We may not have an adequate public transportation system, Botox may be an epidemic, and you may will get reamed in parking costs wherever you go... but Los Angeles is an amazing city full of amazing people. God, it's good to be here.
I ran my first full marathon last year mostly just to cross it off my bucket list. But as I started to train, I realized it was teaching me about my acting career in more ways than I ever expected:
Most people are content to stay at home or cheer from the sidelines, but you're actually out there doing it. Be proud of that.
Don't kid yourself, this is really tough.
Reaching the finish line will be a lot easier and less painful if you do your work to prepare.
Reaching the finish line will be a lot easier and less painful if you have fun along the way.
You may be surrounded by countless people, but you're really only racing yourself.
Your body will always, without fail, try to give you every excuse to trick you into quitting. You have to remember that the mind controls the body, the body doesn't control the mind.
You will have good days as well as off days. Learn to accept that and just keep putting one foot in front of the other.
It takes serious time and effort, and there are no shortcuts.
Reaching the finish line is totally possible and feels ridiculously good.
Ten feet past the finish line, start to plan where your next finish line will be.
The only time the Southern California sunshine is annoying is when it's been cloudy for two days so you wear long track tights and sleeves to run the Malibu Half Marathon like I did this morning. It wasn't my best race, but I finished and collected another nice little medal.
And to the girl with the beautiful "You inspire me" sign one mile from the finish. Whoever you are, thank you. I loved that sign. It made me think of you, readers. I was passing the 12 mile marker and I couldn't wait to finish to tell you about it. You inspire me to keep running... and to keep up this Hollywood grind.
Sometimes, you’ve just gotta go for it. You may feel crazy and stupid and off your rocker, but just throw it all out there anyway.
Case in point: I recently had a commercial audition for a multivitamin. The spot was a girl running around, being all happy and athletic with a healthy, multivitamin-infused glow about her while the voice-over raves about the benefits.
Here’s how the audition went…
“Okay, so we’re just going to have you run in place to the beat of the music and, you know, be happy and throw a few dance moves in there. Then pretend that you’re, like, running along the beach and have to jump over a branch or something. In the spot, you’ll actually be jumping into an animated world.”
"Okay… Can you clarify 'dance moves' for me??" “You know, graceful, kinda ballet-ish. This one is all about personality, so just go for it.”
So I did. I threw it all out there.

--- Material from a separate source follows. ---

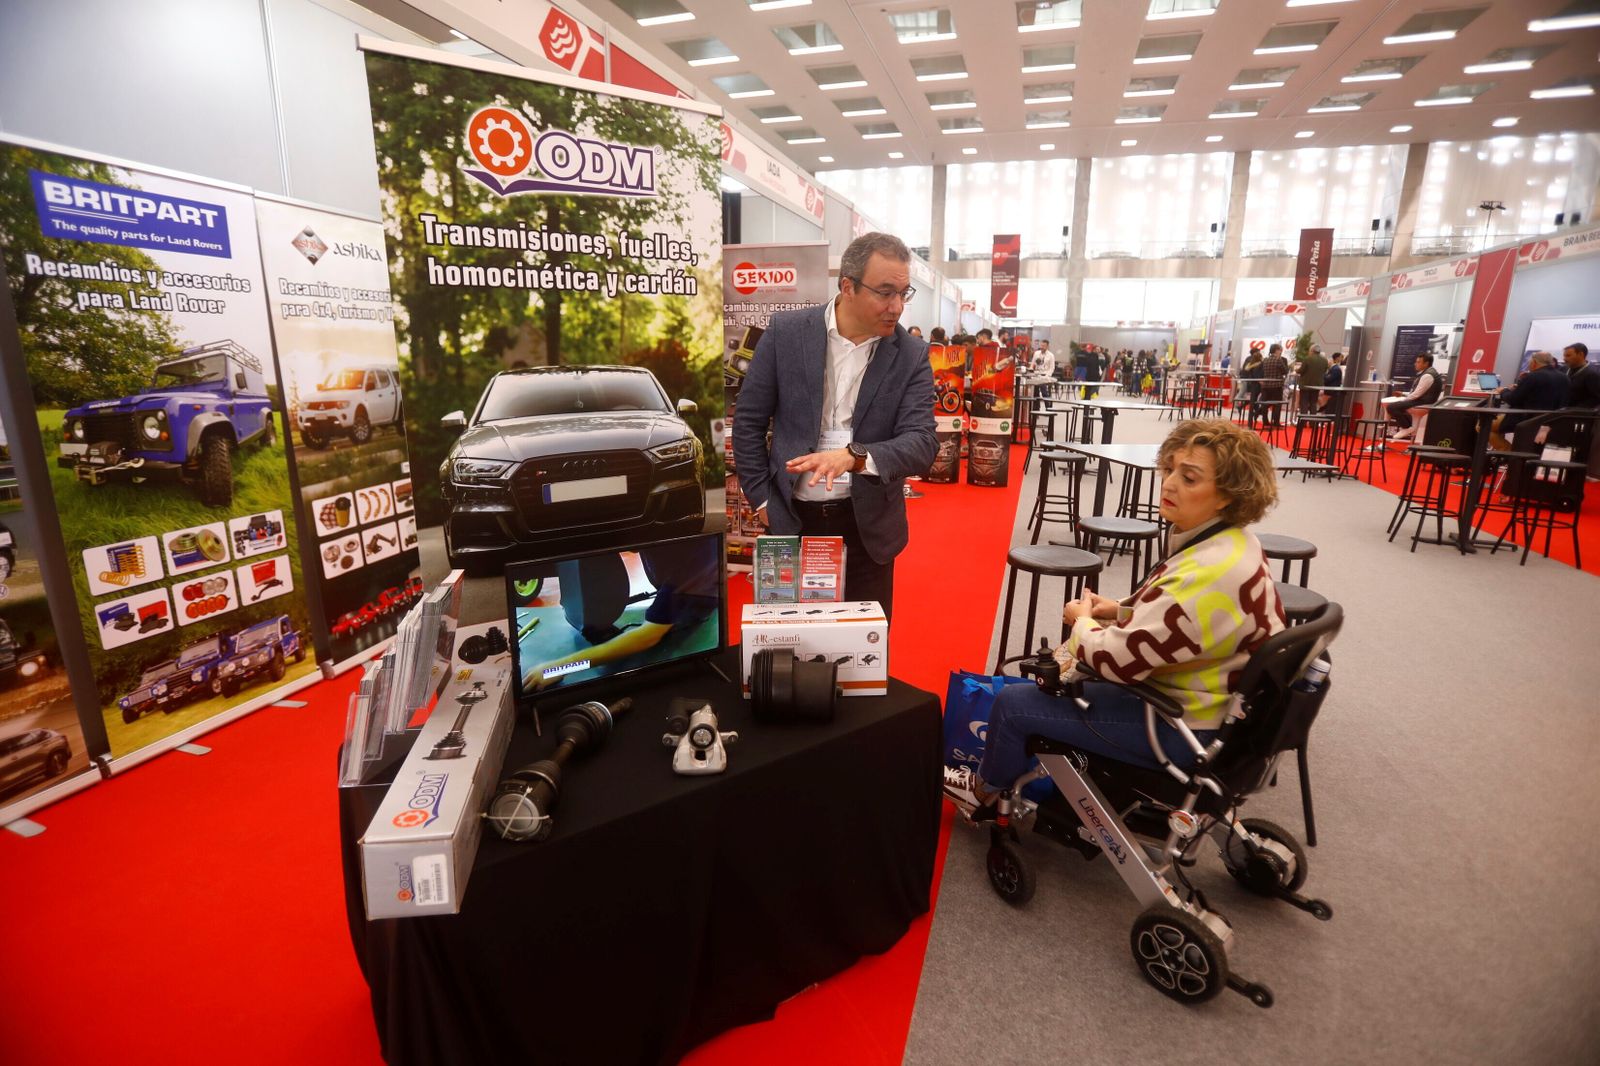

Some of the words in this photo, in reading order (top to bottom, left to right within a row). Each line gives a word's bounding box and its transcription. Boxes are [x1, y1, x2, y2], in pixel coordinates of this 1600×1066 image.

I convinced myself that it was the most exciting and fantastic thing in the world to be running in place with "dance moves" to weird music in a cramped little office with hot lights and 3 dudes watching me. Even when my brain was racing when they asked me after a couple minutes, “Do you have any… other moves?” I just kept throwing whatever I had out there. And when they bet me that I couldn’t do a cartwheel in such a small space, I took that bet. And I won. I made damn sure those guys were laughing as I said thanks and walked out the door.
Then I walked to my car thinking, “What the f was that?!?”
The next day I was put on avail.
Just go for it. I didn’t ultimately book it, but the casting director did email me with a big thanks and a, “You made three fans in that room.” I'll take that.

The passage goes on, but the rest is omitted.